Overall, 371 patients were enrolled, with 102 patients from CinClare phase III trial (NCT02605265). Proportions of patients with low and high completion were 38.8% and 61.2%, respectively. In the general population, the complete tumor response rates (combining sustained clinical complete response and pathologic complete response) were 21.5% and 33.6% in the low- and high-completion groups, respectively (P = .02), which were 24.2% versus 43.5% in the CinClare group (P = .08). The pathologic complete response rates were 19.4% and 26.1%, respectively (P = .19). A predictive nomogram was established and 3 different risk groups (low, intermediate, and high risk) were identified, with high completion rates of 29.2%, 50.0%, and 68.9%, respectively (P < .0001).

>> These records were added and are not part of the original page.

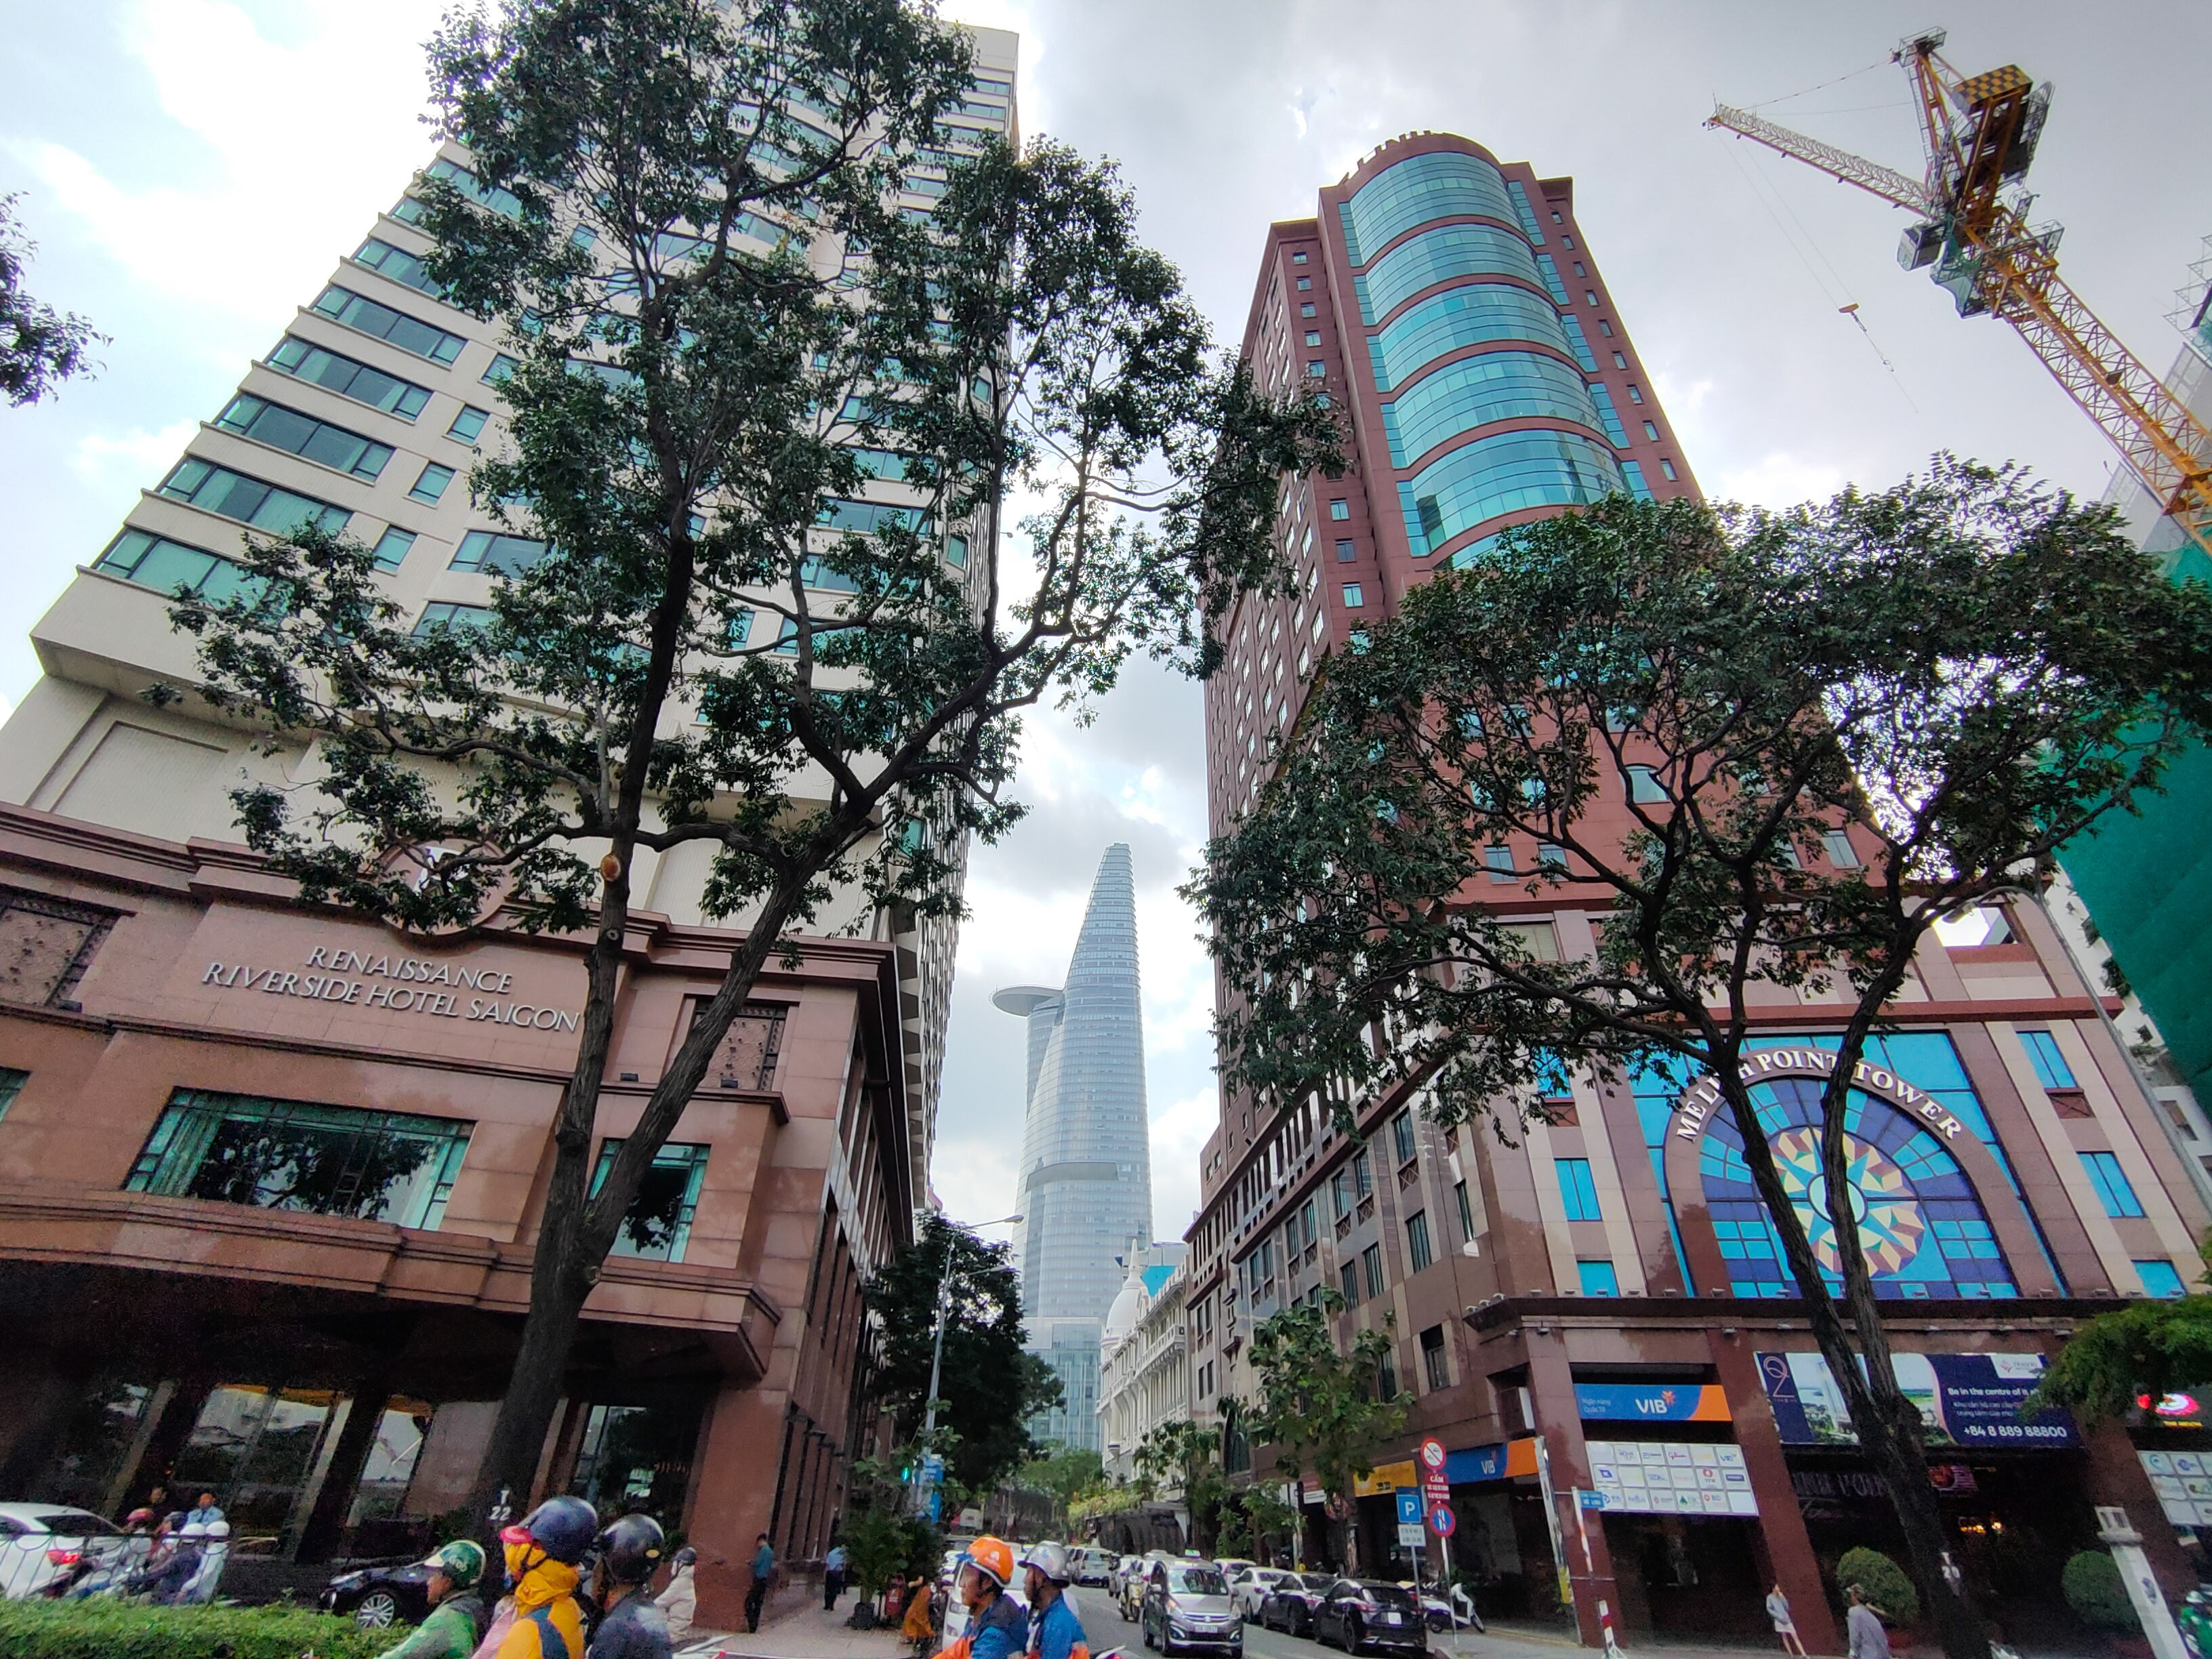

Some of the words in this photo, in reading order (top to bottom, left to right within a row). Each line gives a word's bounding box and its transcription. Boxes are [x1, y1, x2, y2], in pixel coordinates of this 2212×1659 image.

[305, 945, 513, 994] RENAISSANCE
[201, 962, 361, 1004] RIVERSIDE
[364, 984, 459, 1017] HOTEL
[466, 998, 580, 1033] SAIGON
[1856, 1061, 1962, 1140] TOWER
[1635, 1399, 1667, 1414] VIB
[1964, 1426, 1986, 1436] +84
[1988, 1426, 1996, 1437] 8
[1999, 1426, 2022, 1437] 889
[2025, 1426, 2067, 1437] 88800
[1481, 1460, 1496, 1475] VIB
[489, 1506, 512, 1521] 22
[1405, 1501, 1416, 1516] P

Our analysis suggested higher completion of concurrent irinotecan was associated with better tumor response for patients with locally advanced rectal cancer with UGT1A1∗1∗1 or UGT1A1∗1∗28 phenotypes in the neoadjuvant setting, and at least 4 cycles was recommended.
本研究旨在探讨局部晚期直肠癌患者新辅助放化疗中完成化疗对伊立替康疗效的影响。
纳入局部晚期直肠癌(T3/4 和/或 LN+)患者,接受新辅助放化疗。所有患者均接受盆腔放疗同步卡培他滨和伊立替康治疗,随后接受 XELIRI 治疗和手术。根据同步伊立替康(1-3 或 4-5 个周期)的周期数,将患者分为低完成组和高完成组。比较肿瘤反应。通过逻辑回归模型对低完成的显著危险因素进行调查,然后构建预测列线图。

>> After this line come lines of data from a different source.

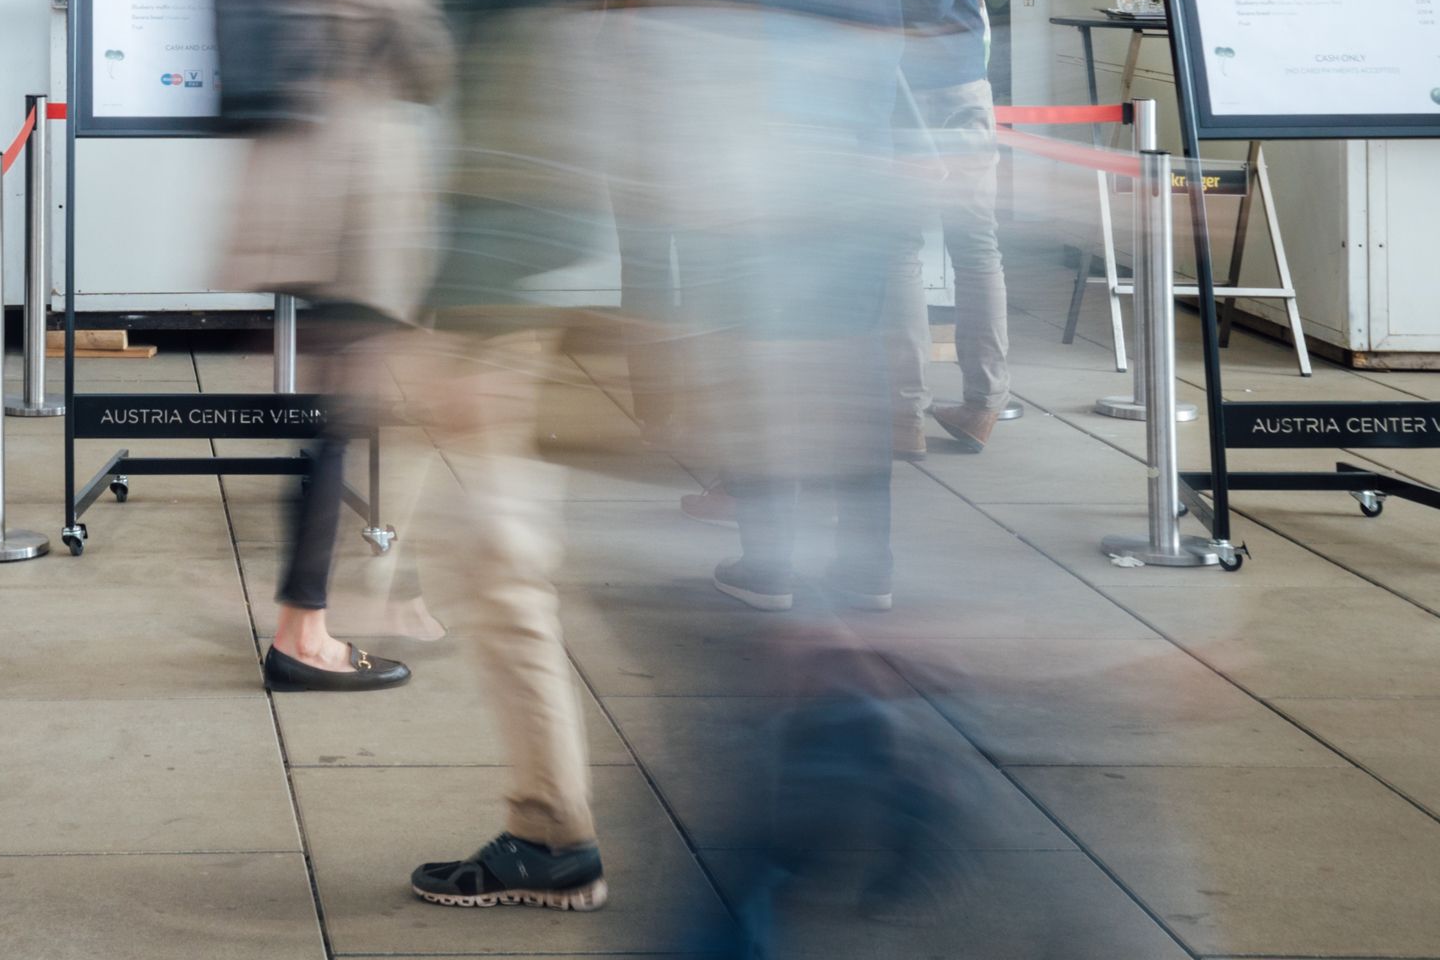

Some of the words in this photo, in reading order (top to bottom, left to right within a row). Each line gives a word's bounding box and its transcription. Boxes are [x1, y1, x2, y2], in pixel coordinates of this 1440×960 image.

[101, 409, 182, 424] AUSTRIA
[189, 409, 264, 424] CENTER
[1252, 417, 1341, 433] AUSTRIA
[1346, 417, 1428, 433] CENTER
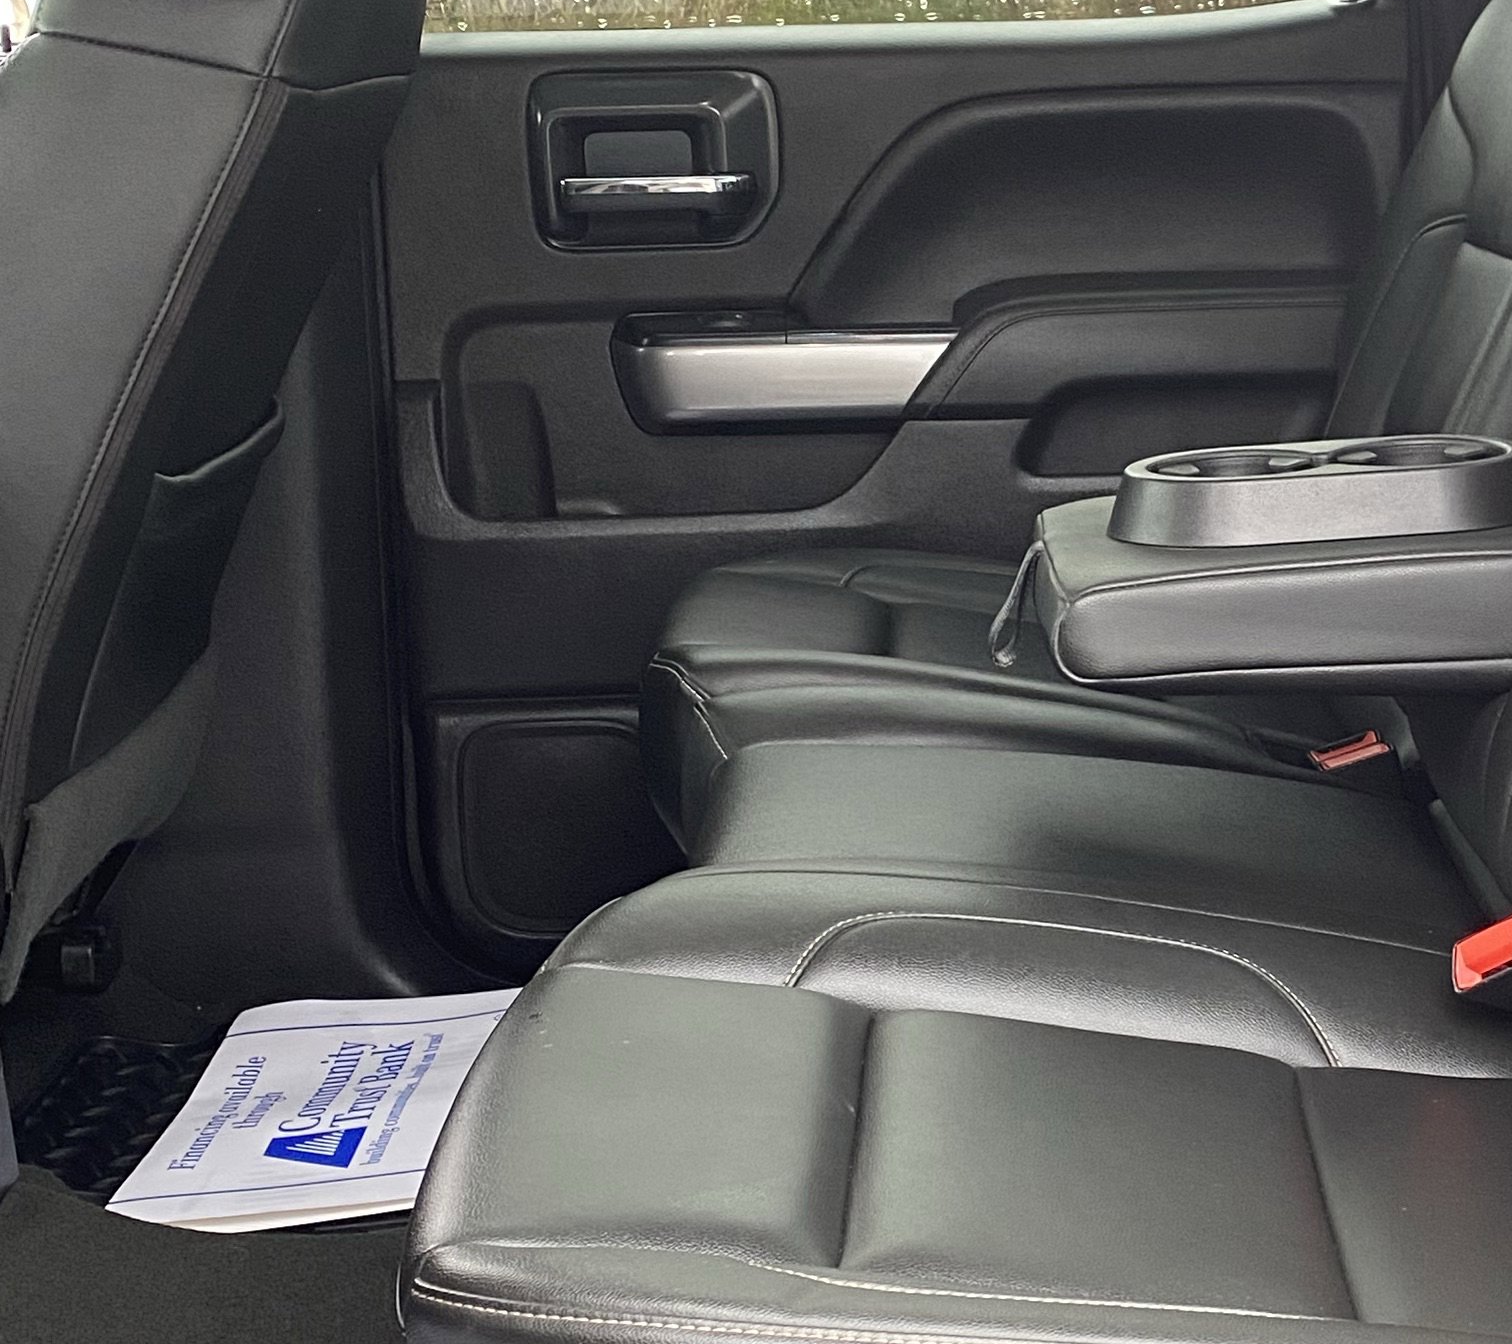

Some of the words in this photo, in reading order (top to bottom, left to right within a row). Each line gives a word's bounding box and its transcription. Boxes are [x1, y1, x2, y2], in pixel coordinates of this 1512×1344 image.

[358, 1040, 415, 1084] Bank
[278, 1041, 377, 1132] Community
[330, 1084, 391, 1128] Trust
[167, 1112, 239, 1170] Financing
[219, 1056, 267, 1113] available
[232, 1091, 287, 1129] through

共纳入 371 例患者,其中 102 例来自 CinClare III 期试验(NCT02605265)。低完成组和高完成组的患者比例分别为 38.8%和 61.2%。在一般人群中,低完成组和高完成组的完全肿瘤缓解率(包括持续临床完全缓解和病理完全缓解)分别为 21.5%和 33.6%(P=0.02),CinClare 组分别为 24.2%和 43.5%(P=0.08)。病理完全缓解率分别为 19.4%和 26.1%(P=0.19)。建立了一个预测列线图,并确定了 3 个不同的风险组(低、中、高风险),高完成率分别为 29.2%、50.0%和 68.9%(P<0.0001)。
我们的分析表明,对于 UGT1A1∗1∗1 或 UGT1A1∗1∗28 表型的局部晚期直肠癌患者,新辅助治疗中完成同步伊立替康化疗与更好的肿瘤反应相关,建议至少完成 4 个周期。